11.0 taylor 10/12 11:48 0+00:00:00 I 0 3.6 B.exe
2 jobs; 1 idle, 1 running, 0 held
$ condor_rm 9.0
To remove a DAG simply use :tool:`condor_rm[Removing a DAG]` on the
:tool:`condor_dagman` job. This will remove both the DAGMan proper job
and all node jobs, including sub-DAGs, from the HTCondor queue.
A removed DAG will be considered failed unless the DAG has a :dag-cmd:`FINAL` node
that succeeds.
In the case where a machine is scheduled to go down, DAGMan will clean
up memory and exit. However, it will leave any submitted jobs in the
HTCondor queue.
:index:`suspending a running DAG<single: DAGMan; Suspending a running DAG>`
.. _Suspending a DAG:
Suspending a Running DAG
^^^^^^^^^^^^^^^^^^^^^^^^
It may be desired to temporarily suspend a running DAG. For example, the
load may be high on the access point, and therefore it is desired to
prevent DAGMan from submitting any more jobs until the load goes down.
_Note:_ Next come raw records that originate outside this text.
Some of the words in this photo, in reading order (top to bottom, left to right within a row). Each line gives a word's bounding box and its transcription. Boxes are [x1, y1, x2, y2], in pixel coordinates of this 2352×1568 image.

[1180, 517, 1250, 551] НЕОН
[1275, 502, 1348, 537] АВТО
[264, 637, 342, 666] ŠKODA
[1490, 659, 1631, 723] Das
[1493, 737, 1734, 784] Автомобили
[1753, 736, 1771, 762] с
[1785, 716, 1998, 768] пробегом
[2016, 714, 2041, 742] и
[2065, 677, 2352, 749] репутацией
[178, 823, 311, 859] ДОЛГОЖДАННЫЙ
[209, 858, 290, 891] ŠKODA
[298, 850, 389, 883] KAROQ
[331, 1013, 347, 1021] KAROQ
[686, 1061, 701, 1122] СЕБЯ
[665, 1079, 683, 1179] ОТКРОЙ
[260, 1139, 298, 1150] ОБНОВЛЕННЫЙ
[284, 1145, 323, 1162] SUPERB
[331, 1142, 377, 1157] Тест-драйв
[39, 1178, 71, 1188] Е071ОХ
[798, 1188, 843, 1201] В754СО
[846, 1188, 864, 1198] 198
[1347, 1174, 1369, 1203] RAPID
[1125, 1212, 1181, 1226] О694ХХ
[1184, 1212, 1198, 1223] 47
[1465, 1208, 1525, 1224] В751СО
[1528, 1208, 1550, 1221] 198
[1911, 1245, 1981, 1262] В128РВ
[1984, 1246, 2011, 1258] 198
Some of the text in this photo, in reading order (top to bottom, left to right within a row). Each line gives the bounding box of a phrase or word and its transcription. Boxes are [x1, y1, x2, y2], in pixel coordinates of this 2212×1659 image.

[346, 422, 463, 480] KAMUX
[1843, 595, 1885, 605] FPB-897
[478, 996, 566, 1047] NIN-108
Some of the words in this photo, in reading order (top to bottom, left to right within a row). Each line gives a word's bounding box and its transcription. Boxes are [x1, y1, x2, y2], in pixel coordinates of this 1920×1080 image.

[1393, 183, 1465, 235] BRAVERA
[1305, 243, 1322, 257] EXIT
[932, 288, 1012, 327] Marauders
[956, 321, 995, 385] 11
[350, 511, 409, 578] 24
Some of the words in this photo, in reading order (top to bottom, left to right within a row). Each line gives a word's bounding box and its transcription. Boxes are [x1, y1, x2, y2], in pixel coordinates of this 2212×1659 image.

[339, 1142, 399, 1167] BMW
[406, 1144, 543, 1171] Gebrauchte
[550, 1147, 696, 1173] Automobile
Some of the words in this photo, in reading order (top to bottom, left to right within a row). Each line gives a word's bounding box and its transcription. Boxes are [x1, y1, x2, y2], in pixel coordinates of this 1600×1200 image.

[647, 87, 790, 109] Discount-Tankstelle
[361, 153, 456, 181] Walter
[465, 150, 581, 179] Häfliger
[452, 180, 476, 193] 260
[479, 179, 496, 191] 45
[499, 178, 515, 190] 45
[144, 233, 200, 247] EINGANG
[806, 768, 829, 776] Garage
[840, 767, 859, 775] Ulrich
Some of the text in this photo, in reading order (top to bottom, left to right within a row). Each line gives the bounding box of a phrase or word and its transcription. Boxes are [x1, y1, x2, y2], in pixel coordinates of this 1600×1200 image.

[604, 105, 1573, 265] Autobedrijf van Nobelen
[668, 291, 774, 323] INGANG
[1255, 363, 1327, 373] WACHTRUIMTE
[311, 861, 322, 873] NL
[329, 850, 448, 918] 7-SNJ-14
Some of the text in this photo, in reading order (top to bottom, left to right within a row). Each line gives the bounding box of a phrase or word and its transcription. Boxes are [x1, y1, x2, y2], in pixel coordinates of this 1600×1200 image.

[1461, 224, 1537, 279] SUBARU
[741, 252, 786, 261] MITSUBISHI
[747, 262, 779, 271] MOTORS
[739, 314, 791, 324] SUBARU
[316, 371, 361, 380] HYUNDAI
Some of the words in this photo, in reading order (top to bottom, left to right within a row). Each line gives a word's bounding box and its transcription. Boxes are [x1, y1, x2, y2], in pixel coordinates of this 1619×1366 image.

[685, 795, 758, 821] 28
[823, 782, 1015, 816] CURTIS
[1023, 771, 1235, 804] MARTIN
There are two ways to suspend (and resume) a running DAG.
- Use :tool:`condor_hold[with DAGMan]`/:tool:`condor_release` on the :tool:`condor_dagman` job.
After placing the :tool:`condor_dagman` job on hold, no new node jobs will
be submitted, and no scripts will be run. Any node jobs already in the
HTCondor queue will continue undisturbed. Any running PRE or POST scripts
will be killed. If the :tool:`condor_dagman` job is left on hold, it will
remain in the HTCondor queue after all of the currently running node jobs
are finished. To resume the DAG, use :tool:`condor_release` on the
:tool:`condor_dagman` job.
.. note::
While the :tool:`condor_dagman` job is on hold, no updates will
be made to the ``*.dagman.out`` file.
- Use a DAG halt file.
A DAG can be suspended by halting it with a halt file. This is a
special file named ``<DAG Description Filename>.halt`` that DAGMan will
periodically check exists. If found then the DAG enters the halted
state where no PRE scripts are not run and node jobs stop being
submitted. Running node jobs will continue undisturbed, POST scripts
will run, and the ``*.dagman.out`` log will still be updated.
Once all running node jobs and POST scripts have finished, DAGMan
will write a Rescue DAG and exit.
.. note::
If a halt file exists at DAG submission time, it it removed.
.. warning::
Neither :tool:`condor_hold` nor a DAG halt is propagated to sub-DAGS. In
other word if a parent DAG is held or halted, any sub-DAGs will continue
to submit node jobs. However, these effects are applied to DAG splices
since they are merged into the parent DAG and are controlled by a single
:tool:`condor_dagman` instance.
:index:`file paths in DAGs<single: DAGMan; File paths in DAGs>`
File Paths in DAGs
------------------
.. sidebar:: Example File Paths with DAGMan
A DAG and its node submit description file in the
same ``example`` directory. Once ran, ``A.out``
and ``A.log`` are expected in the directory.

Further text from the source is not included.